While the government has opened up covid-19 vaccination registrations for all adults on 1 May, appointment slots tend to disappear as soon as they become available. The tech companies are looking to address this by alerting users the moment a slot opens up.

The government’s CoWin website already deters those that are less tech-savvy from registering for a jab, and experts said the software workarounds, ostensibly aimed at helping users, puts the old and poor at a further disadvantage.

When the government’s vaccination drive started in March for people who are 60 years or older and those who are 45 or older with co-morbidities, the majority of people preferred to walk in rather than register through CoWin. Walk-ins have, however, been discontinued in the latest vaccination drive.

Most applications developed by the companies work as redirection portals and utilize the application programme interfaces (API) that are provided by the government through APIsetu.in.

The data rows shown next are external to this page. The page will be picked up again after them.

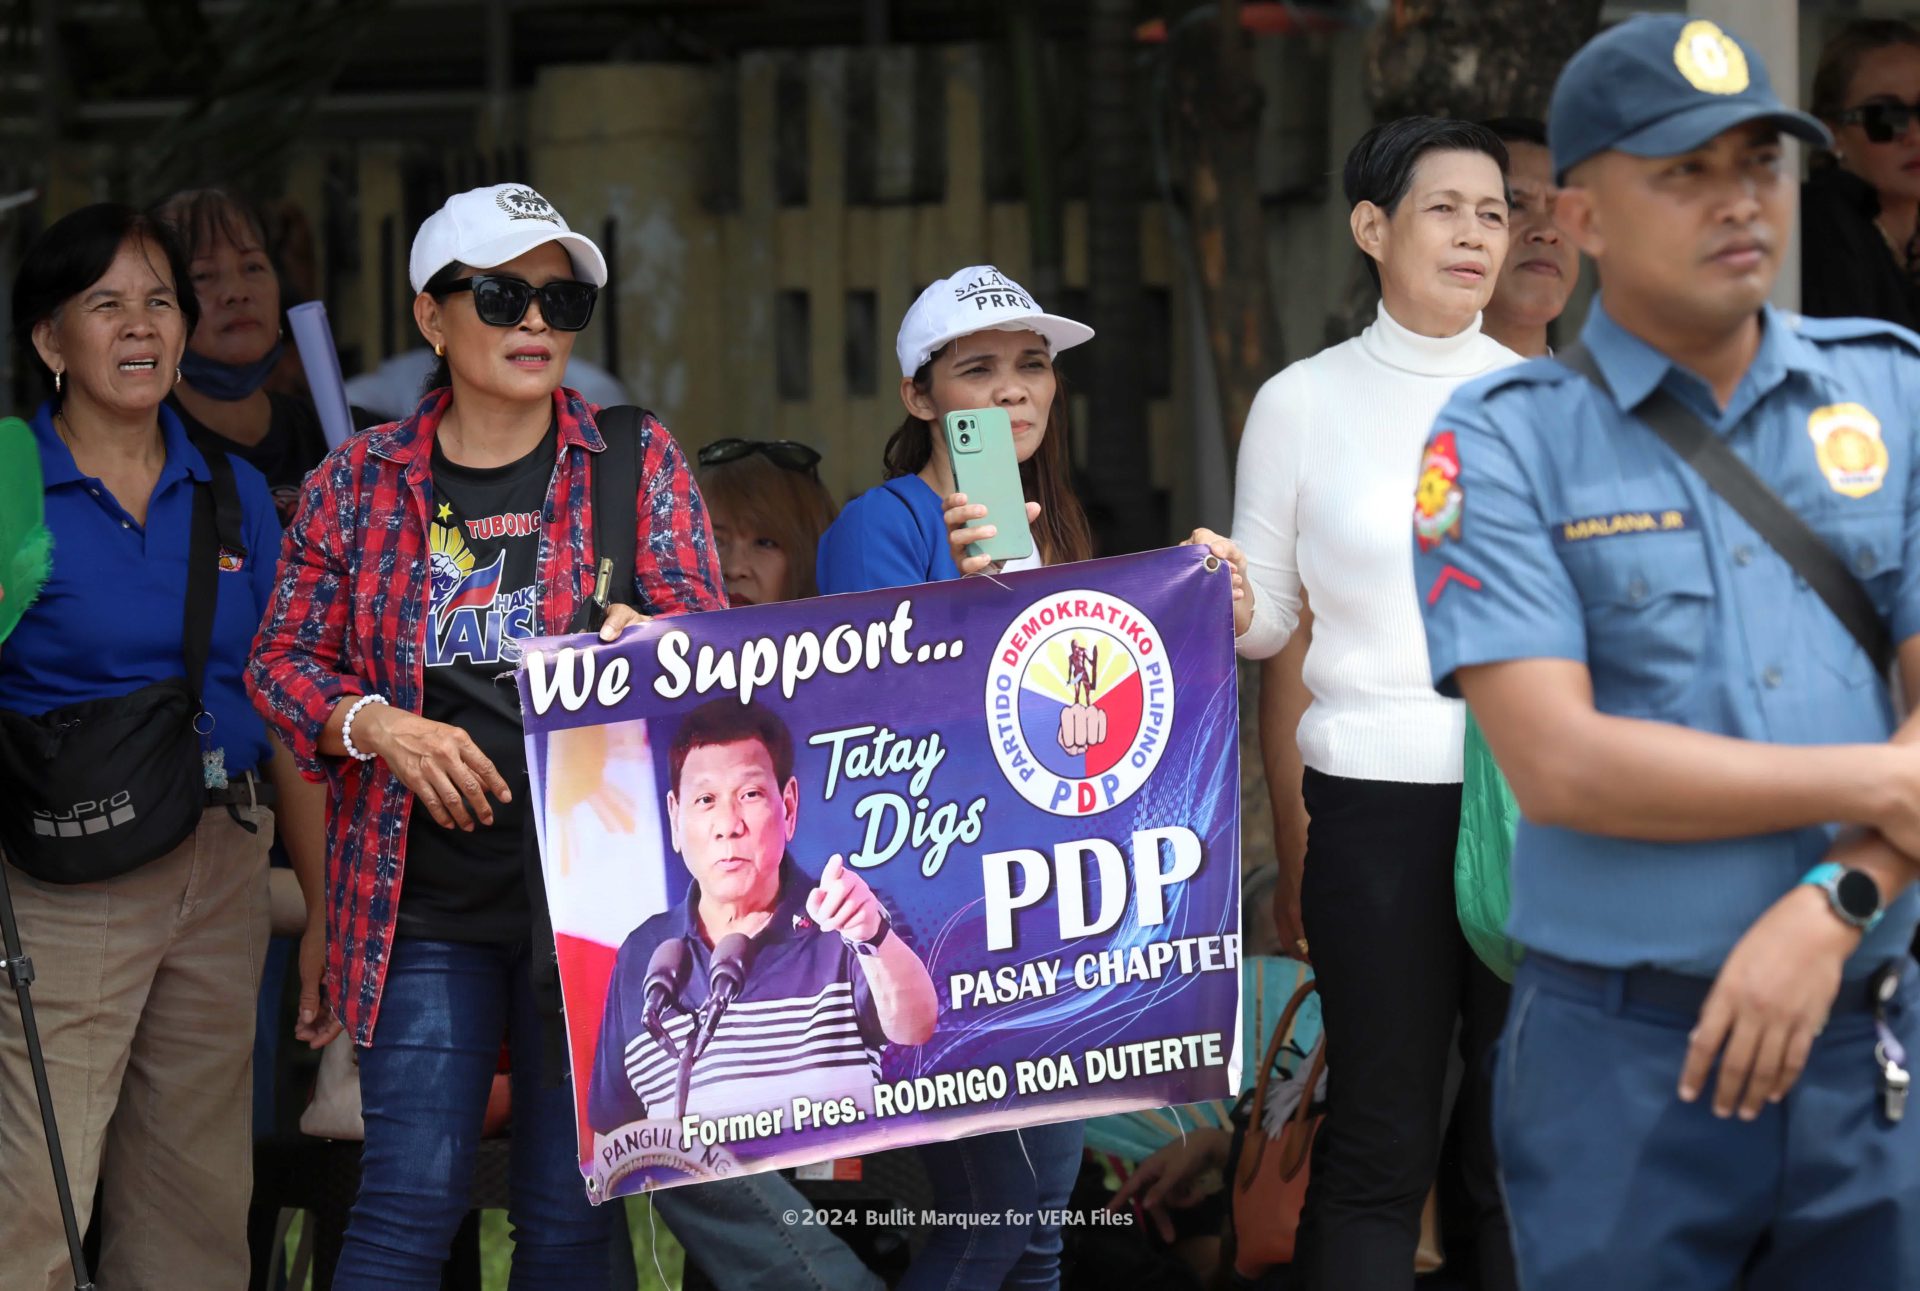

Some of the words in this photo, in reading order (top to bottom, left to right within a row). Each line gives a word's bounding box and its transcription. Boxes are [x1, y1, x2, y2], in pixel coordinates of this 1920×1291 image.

[975, 293, 1030, 310] PRRD
[465, 510, 541, 540] TUBONG
[526, 648, 631, 715] We
[653, 600, 963, 705] Support...
[1002, 600, 1153, 667] DEMOKRATIKO
[996, 674, 1036, 782] PARTIDO
[1131, 661, 1164, 768] PILIPINO
[809, 726, 946, 800] Tatay
[1049, 774, 1120, 813] PDP
[849, 793, 987, 877] Digs
[982, 825, 1202, 952] PDP
[950, 959, 1061, 1010] PASAY
[682, 1111, 784, 1149] Former
[792, 1096, 865, 1131] Pres.
[873, 1066, 1007, 1118] RODRIGO
[1016, 1054, 1079, 1095] ROA
[1085, 1032, 1224, 1083] DUTERTE

“This is nothing but public information that the government provides on its website that we are also able to provide. We just package it in a more intuitive fashion to search, filter and navigate. And we also provide alerts on it," said Tushar Vashisht, chief executive and co-founder of HealthifyMe.

“We have close to 100,000 subscribers at this point," said Azhar Hussain, a product manager at Microsoft, who built the application tracking website getjab.in with other developers. The application was launched on 2 May.

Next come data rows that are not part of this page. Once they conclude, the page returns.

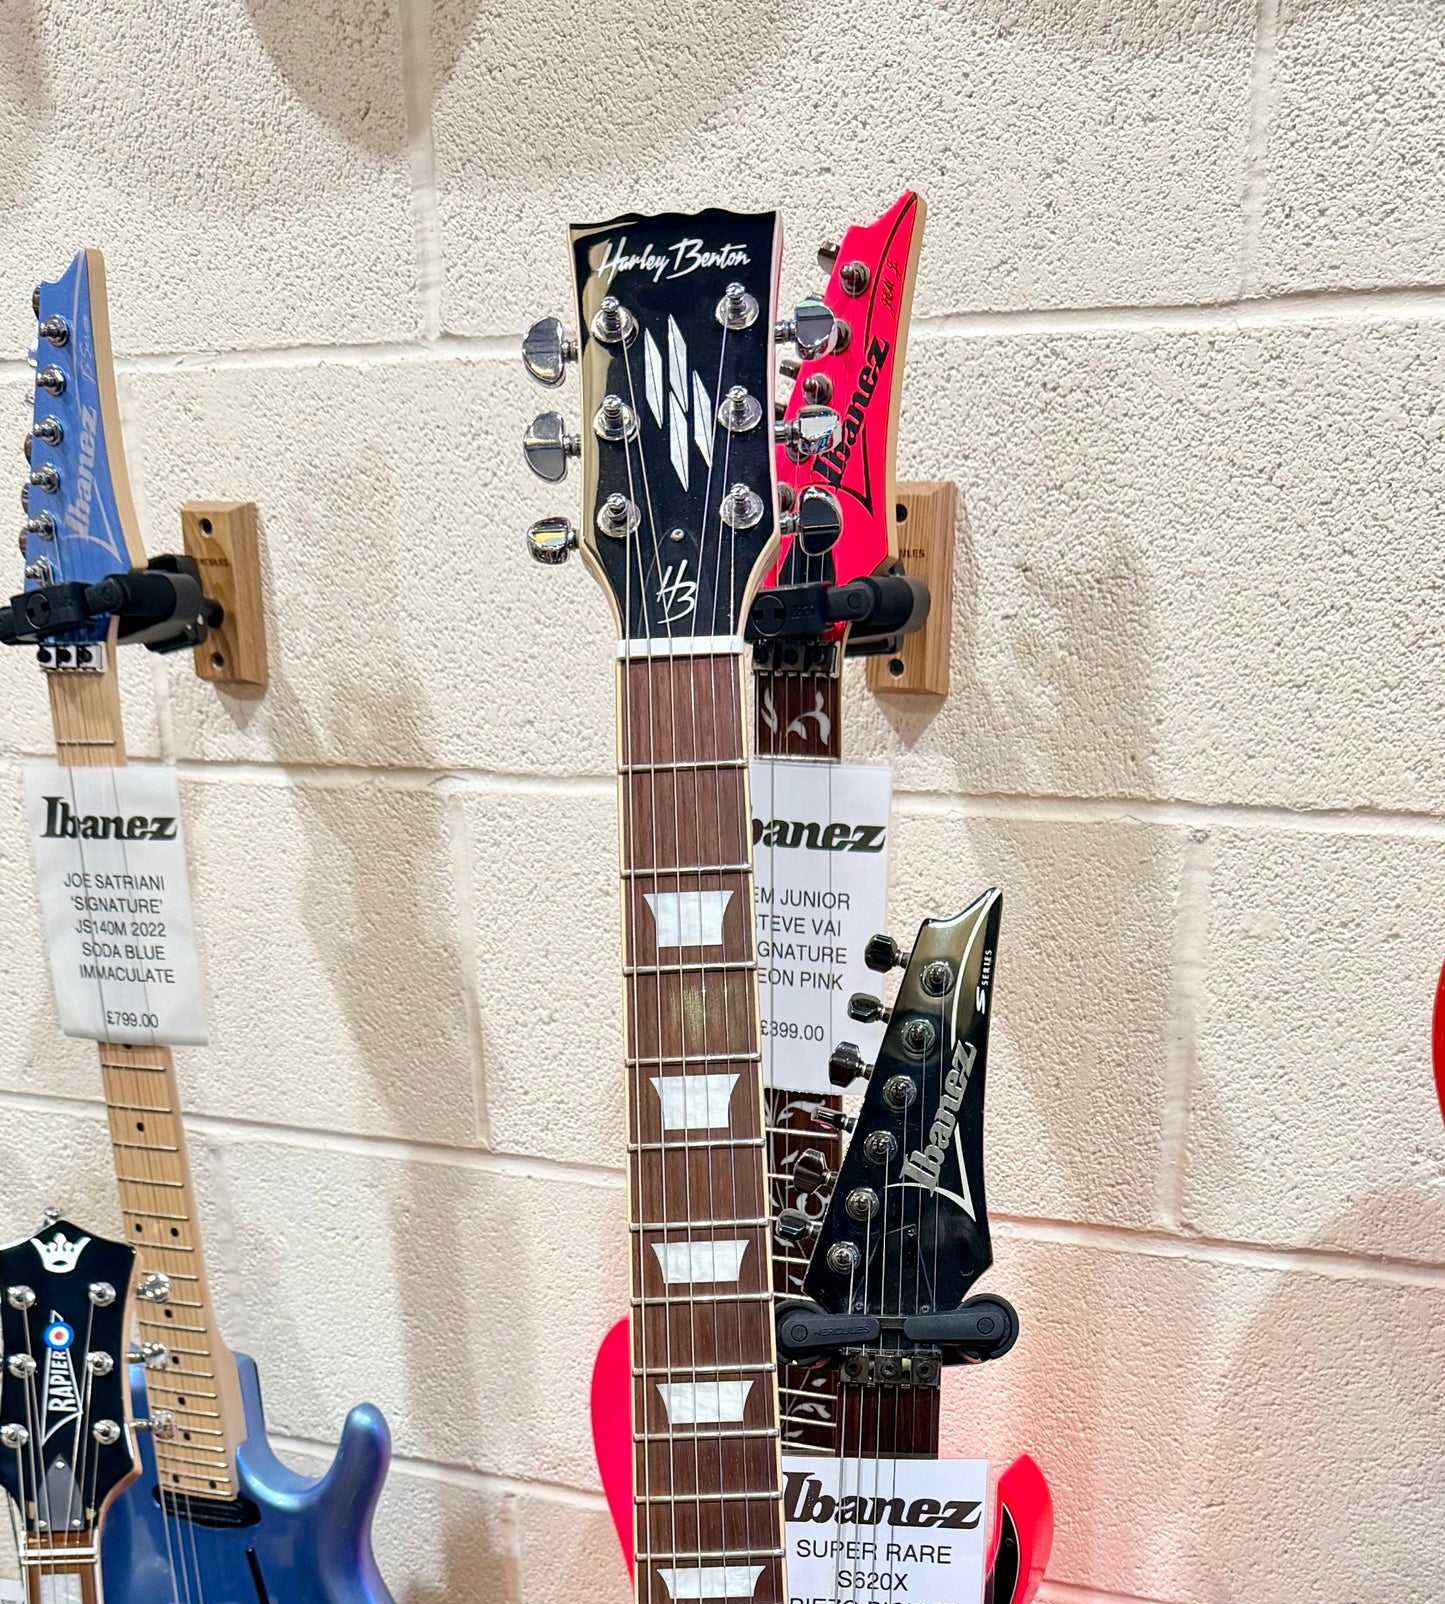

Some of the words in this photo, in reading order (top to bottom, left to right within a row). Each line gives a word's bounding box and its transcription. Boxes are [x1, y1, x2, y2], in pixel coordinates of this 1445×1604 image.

[596, 236, 670, 284] Harley
[666, 238, 751, 280] Benton
[813, 333, 890, 489] Ibanez
[62, 407, 98, 542] Ibanez
[899, 548, 926, 559] ULES
[39, 795, 178, 842] Ibanez
[752, 818, 886, 854] anez
[64, 873, 91, 889] JOE
[94, 874, 165, 892] SATRIANI
[755, 887, 775, 905] EM
[780, 889, 850, 911] JUNIOR
[75, 920, 127, 937] JS140M
[131, 921, 166, 937] 2022
[756, 914, 805, 934] TEVE
[812, 918, 841, 937] VAI
[82, 943, 122, 959] SODA
[126, 944, 166, 961] BLUE
[757, 941, 847, 964] GNATURE
[79, 965, 175, 984] IMMACULATE
[758, 967, 794, 986] EON
[800, 971, 843, 990] PINK
[975, 985, 987, 1015] S
[982, 948, 994, 987] SERIES
[106, 1011, 159, 1029] £799.00
[899, 1039, 978, 1198] Ibanez
[48, 1351, 77, 1412] RAPIER
[783, 1471, 982, 1530] Ibanez
[796, 1539, 877, 1561] SUPER
[886, 1543, 952, 1564] RARE
[837, 1570, 908, 1591] S620X
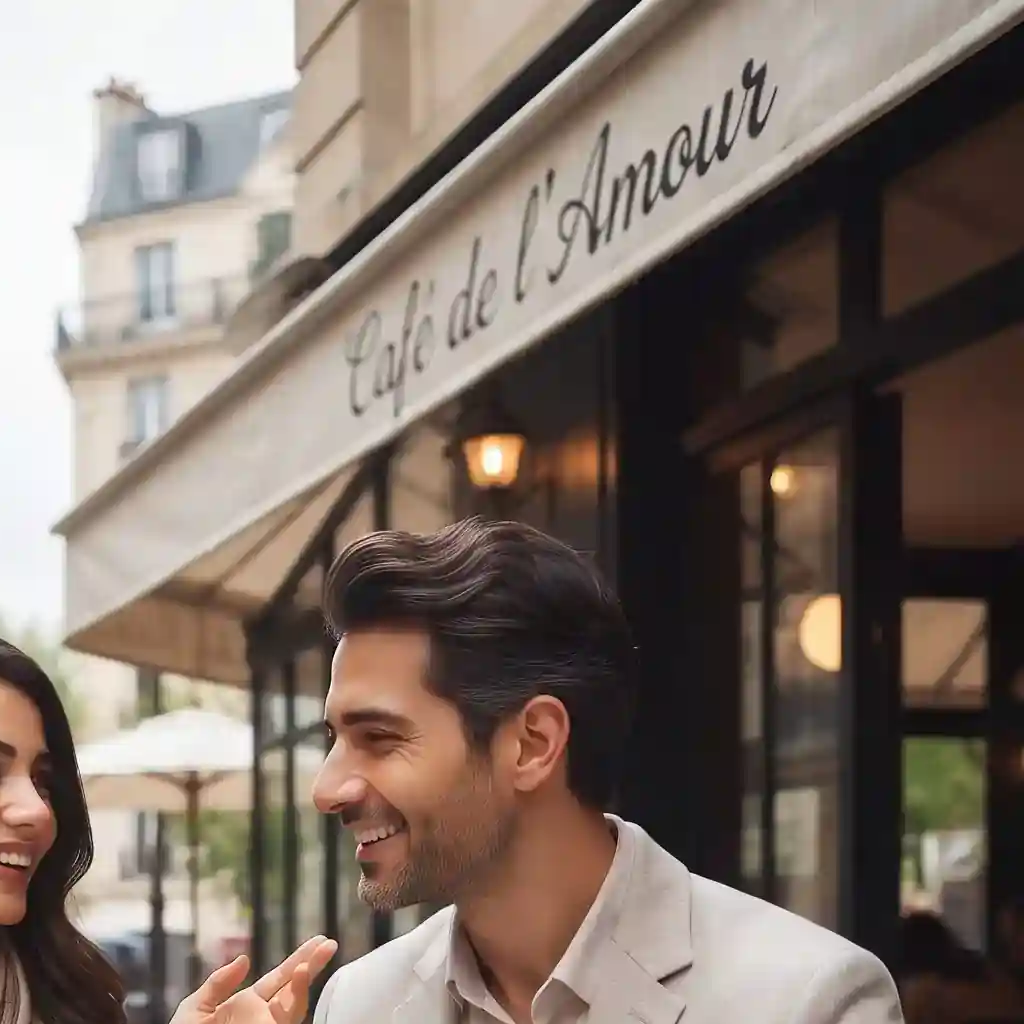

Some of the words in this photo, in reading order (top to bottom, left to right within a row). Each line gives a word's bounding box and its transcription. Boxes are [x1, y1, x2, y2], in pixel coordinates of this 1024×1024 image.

[345, 279, 434, 417] Café
[447, 236, 498, 349] de
[513, 57, 778, 303] l'Amour

Getjab.in provides email alerts to citizens who enter their pin code, district and mail IDs, while under45.in redirects users to specific Telegram groups with alerts based on district or pin codes.

But Hussain agrees that instead of offering access to the API, it would be easier for the government to integrate it with CoWin.

“Having a notification system would be one of the things that they could have added on over there (CoWin), because that would have been quite simple for them to implement as well, as they already have the information," he said.

Then there is the question of whether these platforms increase the load on CoWin servers.

The government has also addressed the concerns to an extent. On 5 May, the government said APIs are subject to a rate limit of 100 API calls, per 5 minutes, per IP. “The appointment availability data would now be cached and may be up to 30 minutes old," the government’s Setu website said.

This essentially means that slot-finding applications may not be able to provide real-time alerts on availability, but they could still help users find appointment slots.

Several, if not all, of the appointment-finding applications cater to users with smartphones. But some are trying to help the less tech-savvy, especially in villages.

Rural-focused fintech firm Spice Money has announced an initiative to help vaccinate the rural population through its ecosystem of 500,000 “adhikaris" (officials).

Adhikaris are representatives of Spice Money who assist users with cash deposits, mini-ATM, insurance and other services. They will also help rural residents register on the CoWin app.